• What to produce: Exact copy, no pictures: return all the data below as written.

• Recorded data:
+--

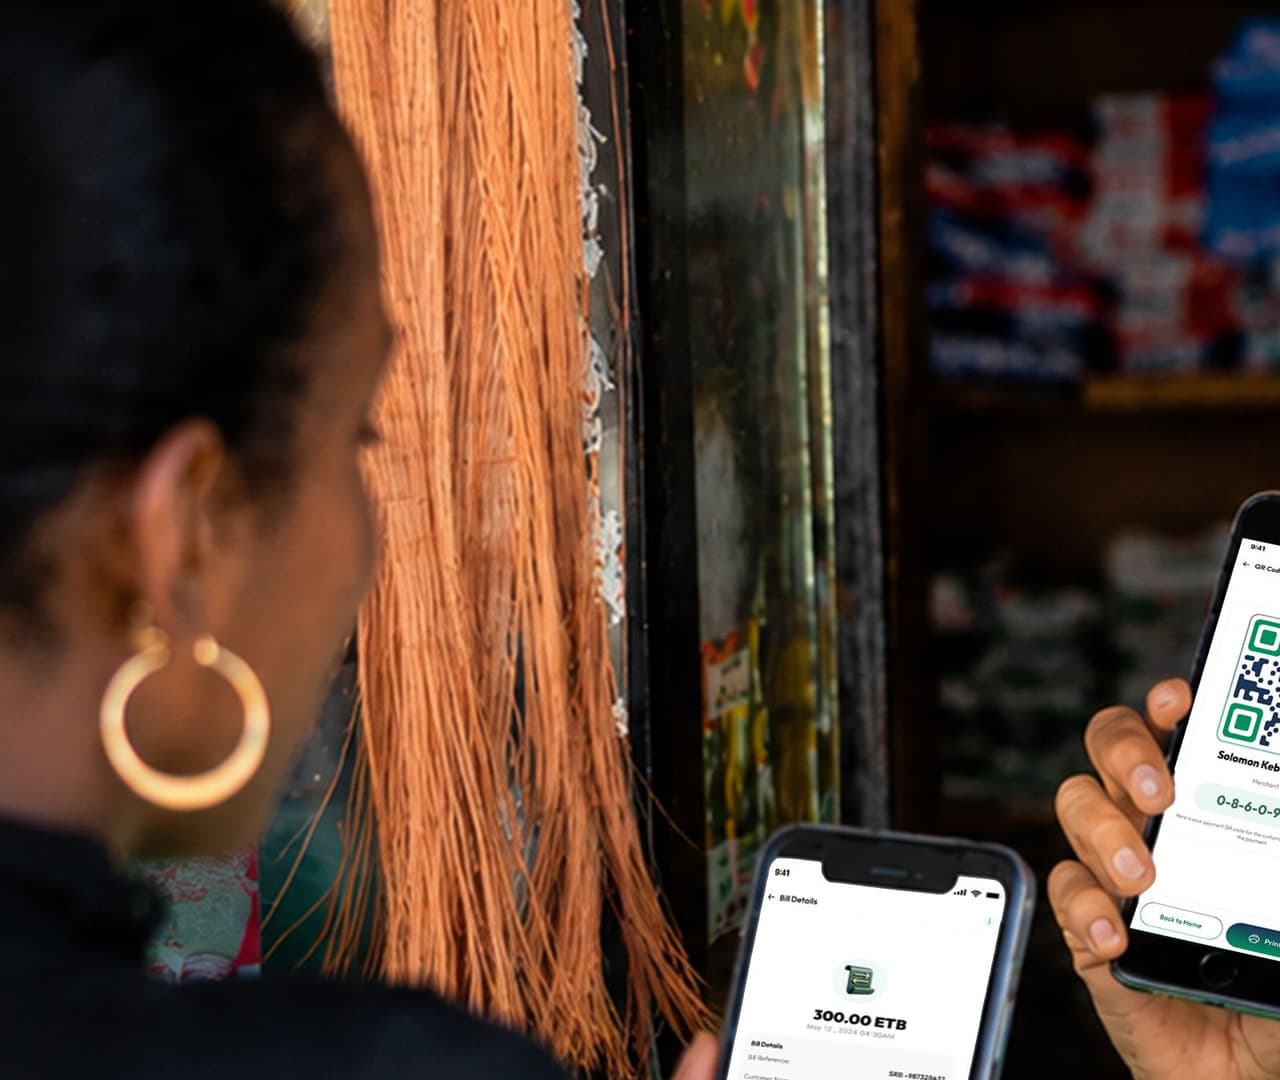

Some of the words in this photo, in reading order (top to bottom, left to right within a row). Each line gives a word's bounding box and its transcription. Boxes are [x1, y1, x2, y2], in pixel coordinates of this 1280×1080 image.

[1250, 543, 1266, 552] 9:41
[1254, 563, 1266, 571] QR
[1217, 750, 1260, 768] Solomon
[1252, 778, 1279, 790] Merchant
[774, 868, 790, 877] 9:41
[779, 894, 791, 902] Bill
[791, 895, 818, 905] Details
[1159, 913, 1175, 922] Back
[1183, 919, 1202, 929] Home
[813, 1009, 872, 1026] 300.00
[874, 1016, 907, 1030] ETB
[806, 1023, 822, 1032] May
[760, 1041, 783, 1049] Details
[743, 1073, 773, 1080] Customer

+--

• Task solution:
Some of the words in this photo, in reading order (top to bottom, left to right within a row). Each line gives a word's bounding box and its transcription. Boxes are [x1, y1, x2, y2], in pixel coordinates of this 1280×1080 image.

[1250, 543, 1266, 552] 9:41
[1254, 563, 1266, 571] QR
[1217, 750, 1260, 768] Solomon
[1252, 778, 1279, 790] Merchant
[774, 868, 790, 877] 9:41
[779, 894, 791, 902] Bill
[791, 895, 818, 905] Details
[1159, 913, 1175, 922] Back
[1183, 919, 1202, 929] Home
[813, 1009, 872, 1026] 300.00
[874, 1016, 907, 1030] ETB
[806, 1023, 822, 1032] May
[760, 1041, 783, 1049] Details
[743, 1073, 773, 1080] Customer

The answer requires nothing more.